Task description >> Reproduce the records below; each should match the original exactly.

──────────────────────────────

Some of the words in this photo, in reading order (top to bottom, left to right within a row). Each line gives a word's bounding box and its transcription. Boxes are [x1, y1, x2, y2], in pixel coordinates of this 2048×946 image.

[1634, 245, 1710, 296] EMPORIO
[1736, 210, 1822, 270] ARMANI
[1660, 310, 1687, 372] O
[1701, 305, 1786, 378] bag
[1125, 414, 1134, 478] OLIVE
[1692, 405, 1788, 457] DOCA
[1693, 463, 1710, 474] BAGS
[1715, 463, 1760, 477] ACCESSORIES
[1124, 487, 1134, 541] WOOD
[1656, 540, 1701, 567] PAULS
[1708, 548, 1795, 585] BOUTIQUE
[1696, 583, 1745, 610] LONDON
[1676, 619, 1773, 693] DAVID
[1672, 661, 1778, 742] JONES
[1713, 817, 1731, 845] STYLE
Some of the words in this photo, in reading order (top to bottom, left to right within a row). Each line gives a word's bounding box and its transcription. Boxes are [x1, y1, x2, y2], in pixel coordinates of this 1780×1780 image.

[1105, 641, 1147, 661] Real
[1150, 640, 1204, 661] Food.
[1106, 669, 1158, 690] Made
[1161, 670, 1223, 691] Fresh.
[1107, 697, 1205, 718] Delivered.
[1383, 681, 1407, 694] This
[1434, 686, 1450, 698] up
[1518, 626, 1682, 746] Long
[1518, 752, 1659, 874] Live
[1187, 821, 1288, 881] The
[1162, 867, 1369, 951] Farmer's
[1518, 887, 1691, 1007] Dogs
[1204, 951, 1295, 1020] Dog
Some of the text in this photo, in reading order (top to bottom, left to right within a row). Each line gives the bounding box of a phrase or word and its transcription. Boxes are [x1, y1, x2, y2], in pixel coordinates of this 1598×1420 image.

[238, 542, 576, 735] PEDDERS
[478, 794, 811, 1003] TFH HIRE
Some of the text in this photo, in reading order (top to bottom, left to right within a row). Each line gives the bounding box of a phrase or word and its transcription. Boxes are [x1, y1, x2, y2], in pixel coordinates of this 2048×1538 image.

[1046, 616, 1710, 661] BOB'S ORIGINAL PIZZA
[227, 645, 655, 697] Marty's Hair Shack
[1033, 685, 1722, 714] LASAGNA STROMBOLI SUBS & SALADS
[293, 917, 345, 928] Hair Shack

──────────────────────────────

Written answer >>
Some of the words in this photo, in reading order (top to bottom, left to right within a row). Each line gives a word's bounding box and its transcription. Boxes are [x1, y1, x2, y2], in pixel coordinates of this 2048×946 image.

[1634, 245, 1710, 296] EMPORIO
[1736, 210, 1822, 270] ARMANI
[1660, 310, 1687, 372] O
[1701, 305, 1786, 378] bag
[1125, 414, 1134, 478] OLIVE
[1692, 405, 1788, 457] DOCA
[1693, 463, 1710, 474] BAGS
[1715, 463, 1760, 477] ACCESSORIES
[1124, 487, 1134, 541] WOOD
[1656, 540, 1701, 567] PAULS
[1708, 548, 1795, 585] BOUTIQUE
[1696, 583, 1745, 610] LONDON
[1676, 619, 1773, 693] DAVID
[1672, 661, 1778, 742] JONES
[1713, 817, 1731, 845] STYLE
Some of the words in this photo, in reading order (top to bottom, left to right within a row). Each line gives a word's bounding box and its transcription. Boxes are [x1, y1, x2, y2], in pixel coordinates of this 1780×1780 image.

[1105, 641, 1147, 661] Real
[1150, 640, 1204, 661] Food.
[1106, 669, 1158, 690] Made
[1161, 670, 1223, 691] Fresh.
[1107, 697, 1205, 718] Delivered.
[1383, 681, 1407, 694] This
[1434, 686, 1450, 698] up
[1518, 626, 1682, 746] Long
[1518, 752, 1659, 874] Live
[1187, 821, 1288, 881] The
[1162, 867, 1369, 951] Farmer's
[1518, 887, 1691, 1007] Dogs
[1204, 951, 1295, 1020] Dog
Some of the text in this photo, in reading order (top to bottom, left to right within a row). Each line gives the bounding box of a phrase or word and its transcription. Boxes are [x1, y1, x2, y2], in pixel coordinates of this 1598×1420 image.

[238, 542, 576, 735] PEDDERS
[478, 794, 811, 1003] TFH HIRE
Some of the text in this photo, in reading order (top to bottom, left to right within a row). Each line gives the bounding box of a phrase or word and its transcription. Boxes are [x1, y1, x2, y2], in pixel coordinates of this 2048×1538 image.

[1046, 616, 1710, 661] BOB'S ORIGINAL PIZZA
[227, 645, 655, 697] Marty's Hair Shack
[1033, 685, 1722, 714] LASAGNA STROMBOLI SUBS & SALADS
[293, 917, 345, 928] Hair Shack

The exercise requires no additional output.